Achava perda de tempo as pessoas chorando e se lamentando por alguém que não poderia ouvi-las. Não era como se o defunto fosse levantar por causa das pessoas e voltar à vida. Ele iria continuar ali, morto, e nada traria ninguém de volta.

Porém, qualquer um com o mínimo de decência iria ao velório dos pais, e ali estava – sozinha, com os cabelos pretos escorrendo pelos ombros, imaginando o que faria dali em diante.

Faziam três semanas desde o acidente no voo AF-1107*. Até onde se sabia, uma falha do motor havia feito o avião cair n’água, fazendo restar um total de zero sobreviventes das mais de duzentas pessoas, mais tripulação, que estavam a bordo. Um acidente um tanto quanto estranho para uma aeronave que estava em perfeitas condições ao deixar Paris, onde a família havia decidido que comemoraria o aniversário de casamento dos pais. O pior era saber que, se não tivesse insistido tanto em voltar na frente para manter o ritmo de estudos pré provas, teria tido o mesmo destino.
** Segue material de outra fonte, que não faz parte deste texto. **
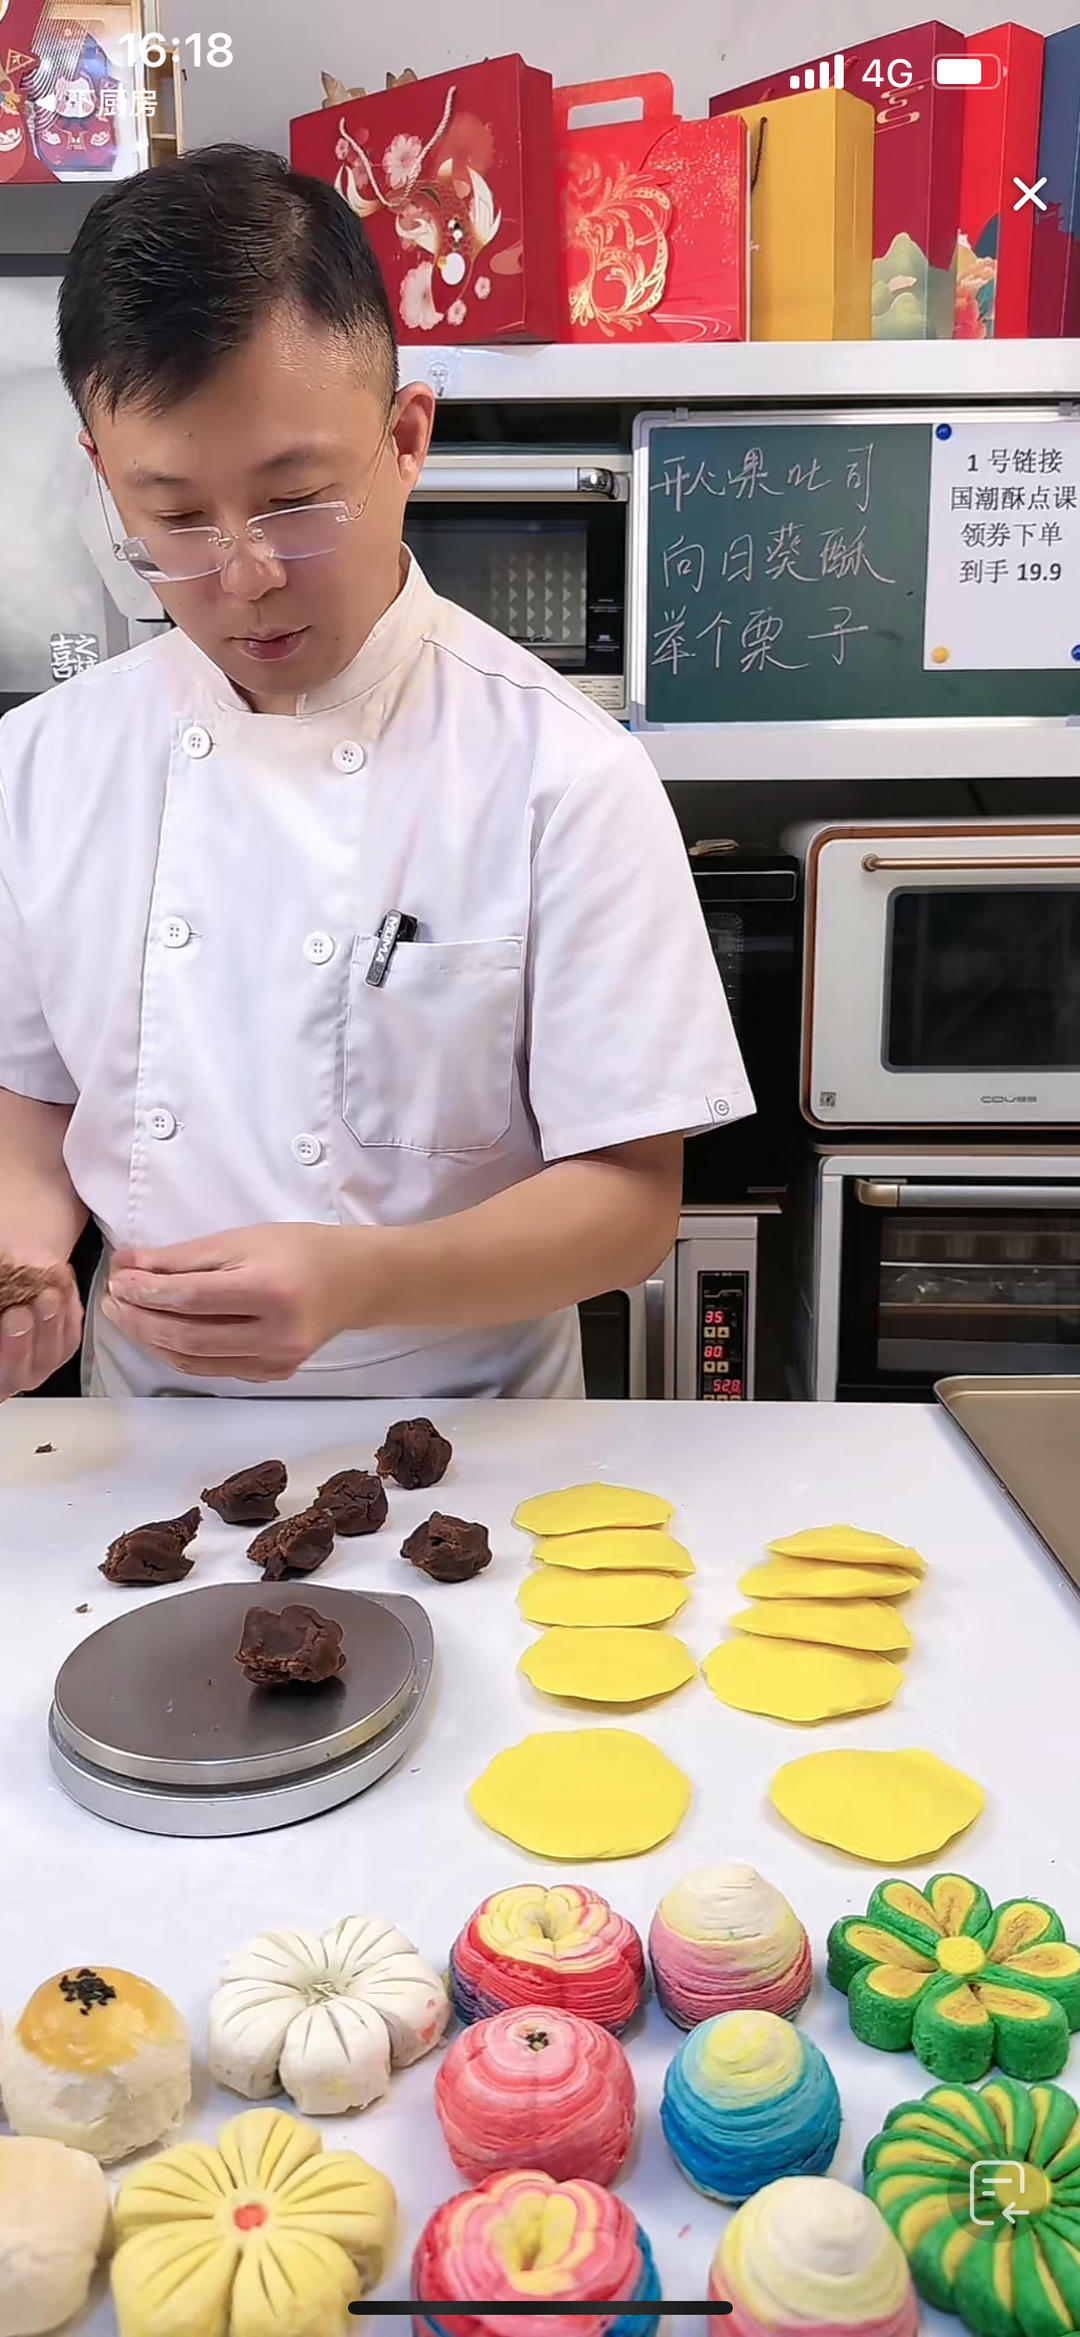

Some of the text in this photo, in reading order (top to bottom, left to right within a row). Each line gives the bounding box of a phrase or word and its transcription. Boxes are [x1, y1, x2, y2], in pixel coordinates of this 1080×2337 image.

[951, 485, 1077, 511] 国潮酥点课
[960, 521, 1063, 548] 领券下单
[662, 522, 897, 594] 向日葵酥
[651, 605, 870, 676] 举个栗子
[704, 1310, 724, 1324] 35
[703, 1345, 723, 1358] 80
Não haviam caixões, apenas três urnas com uma média de três quilos de cinzas em cada, porque, deus, os corpos tinham passado tanto tempo na água que seria desrespeitoso os exibir no estado que estavam antes de serem cremados – mesmo que a cremação houvesse ocorrido menos de setenta e duas horas depois do acidente, tinha que se preparar mentalmente para enfrentar a despedida final.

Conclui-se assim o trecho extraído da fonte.